**EXERCISE**. Copy each record below exactly, please, and leave its pictures out.

Stored items
● ● ●

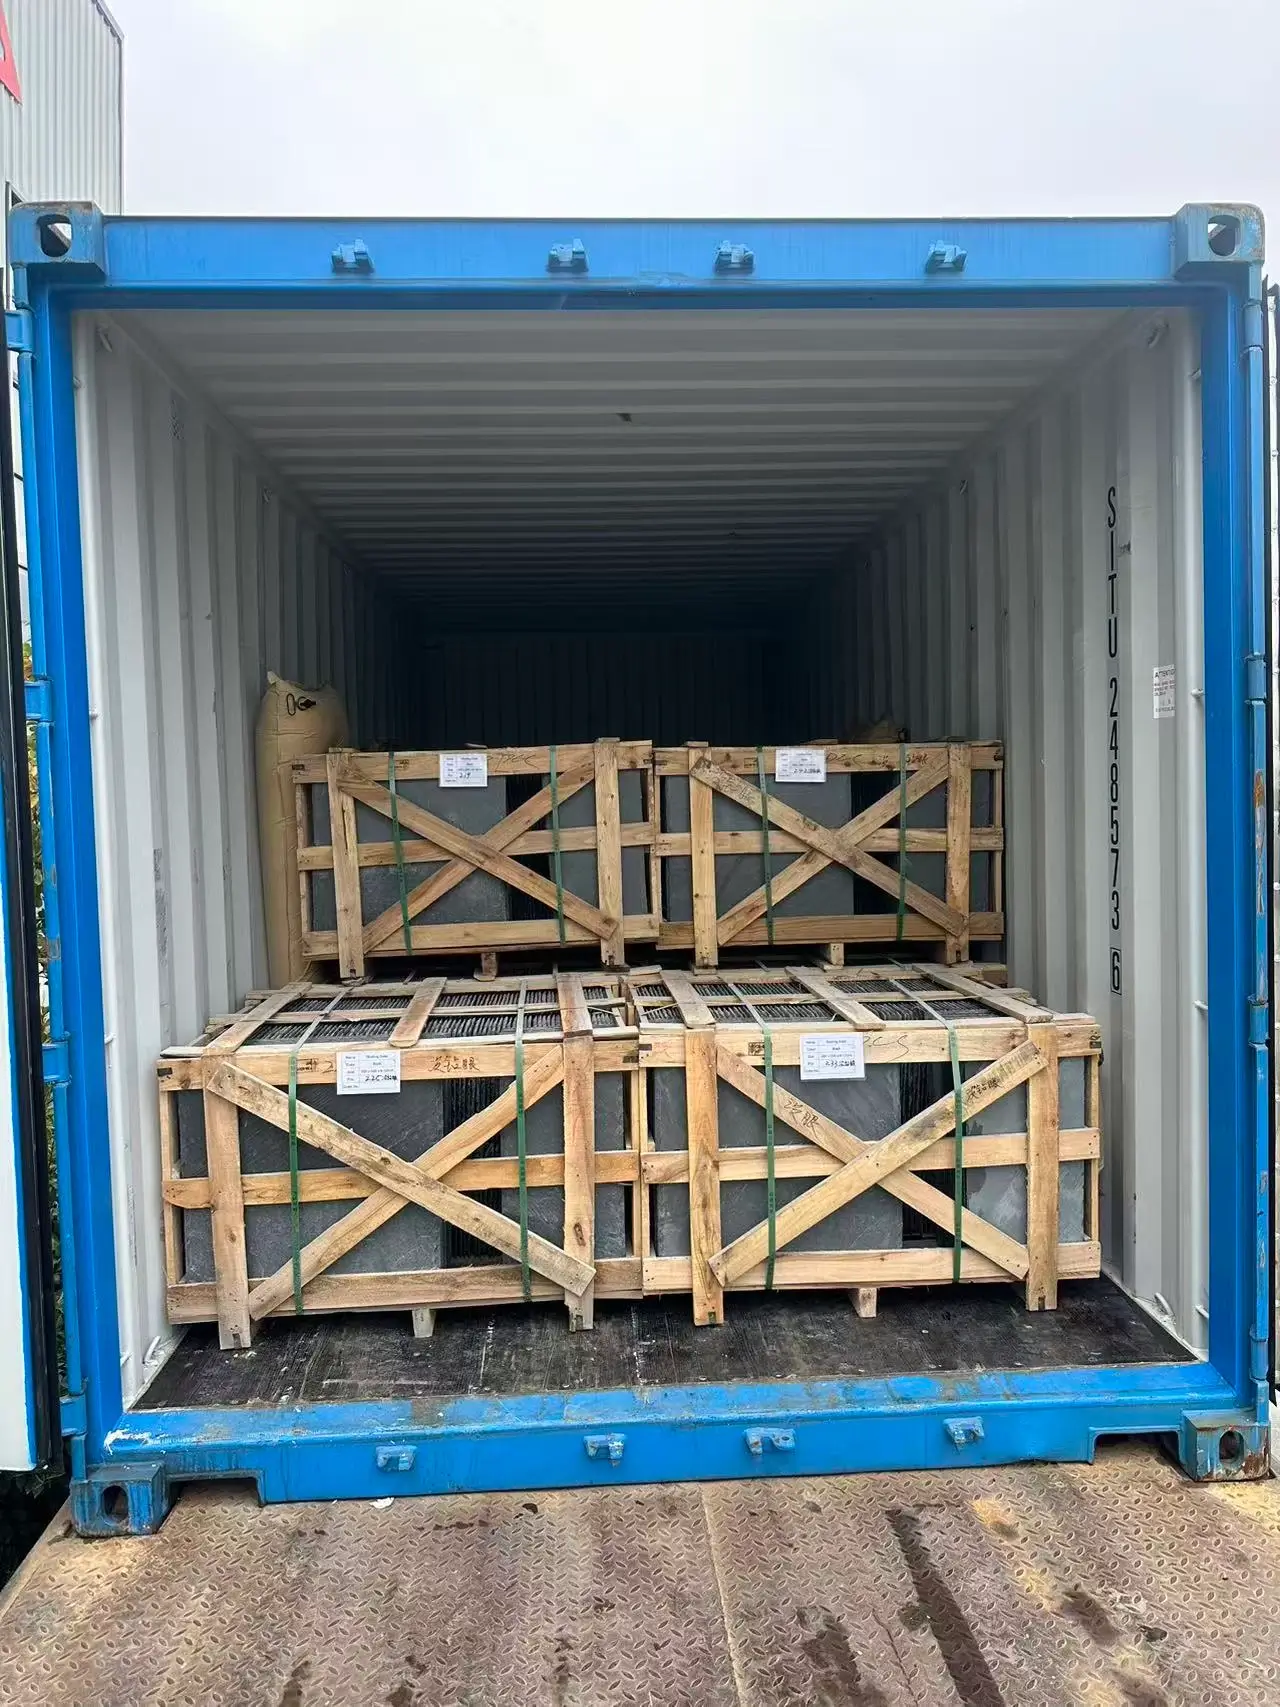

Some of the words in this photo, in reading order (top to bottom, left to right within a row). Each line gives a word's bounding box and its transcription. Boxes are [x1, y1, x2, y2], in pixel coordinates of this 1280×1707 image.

[1107, 486, 1118, 658] SITU
[1109, 677, 1120, 930] 248573
[1111, 951, 1121, 991] 6
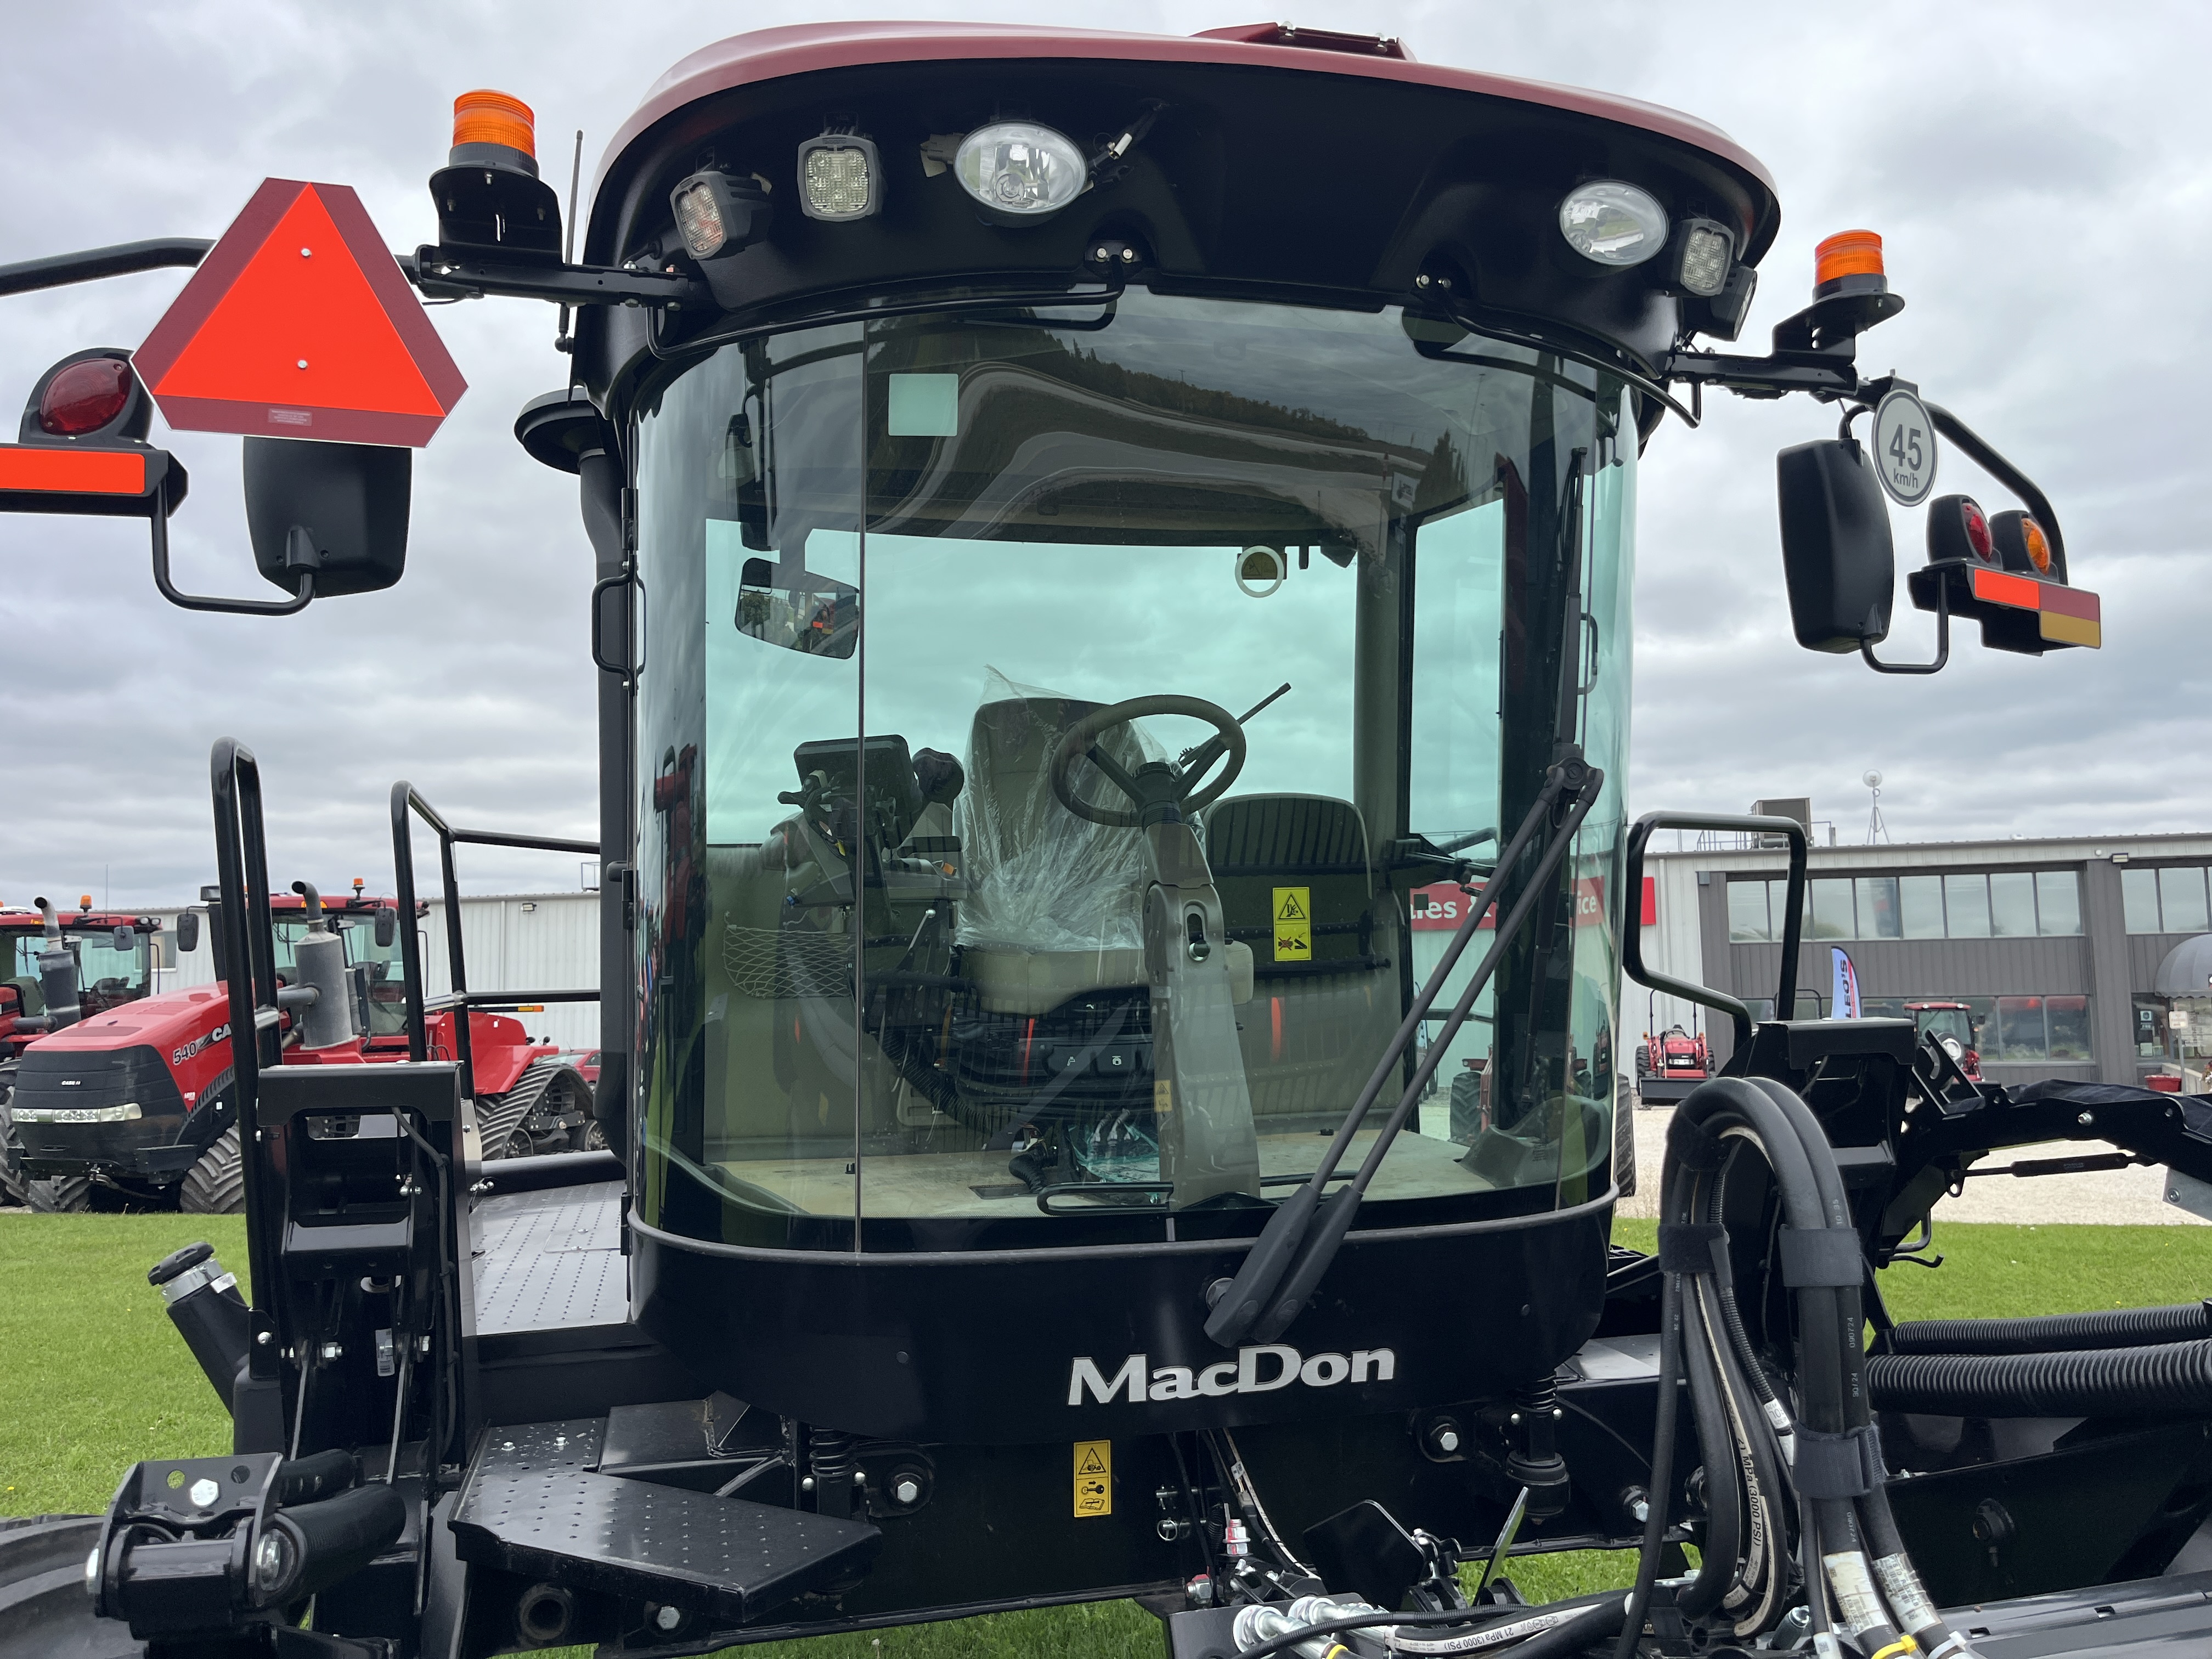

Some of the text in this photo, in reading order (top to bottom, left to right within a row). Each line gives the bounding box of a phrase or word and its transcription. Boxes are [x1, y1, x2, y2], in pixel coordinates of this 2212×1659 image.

● ● ●

**TASK RESPONSE**.
Some of the words in this photo, in reading order (top to bottom, left to right within a row). Each line gives a word's bounding box and its transcription. Boxes are [x1, y1, x2, y2], in pixel coordinates of this 1280×1707 image.

[1107, 486, 1118, 658] SITU
[1109, 677, 1120, 930] 248573
[1111, 951, 1121, 991] 6

Some of the text in this photo, in reading order (top to bottom, left to right within a row). Each line gives the bounding box of a phrase or word and its transcription. Boxes are [x1, y1, x2, y2], in pixel coordinates of this 2212×1659 image.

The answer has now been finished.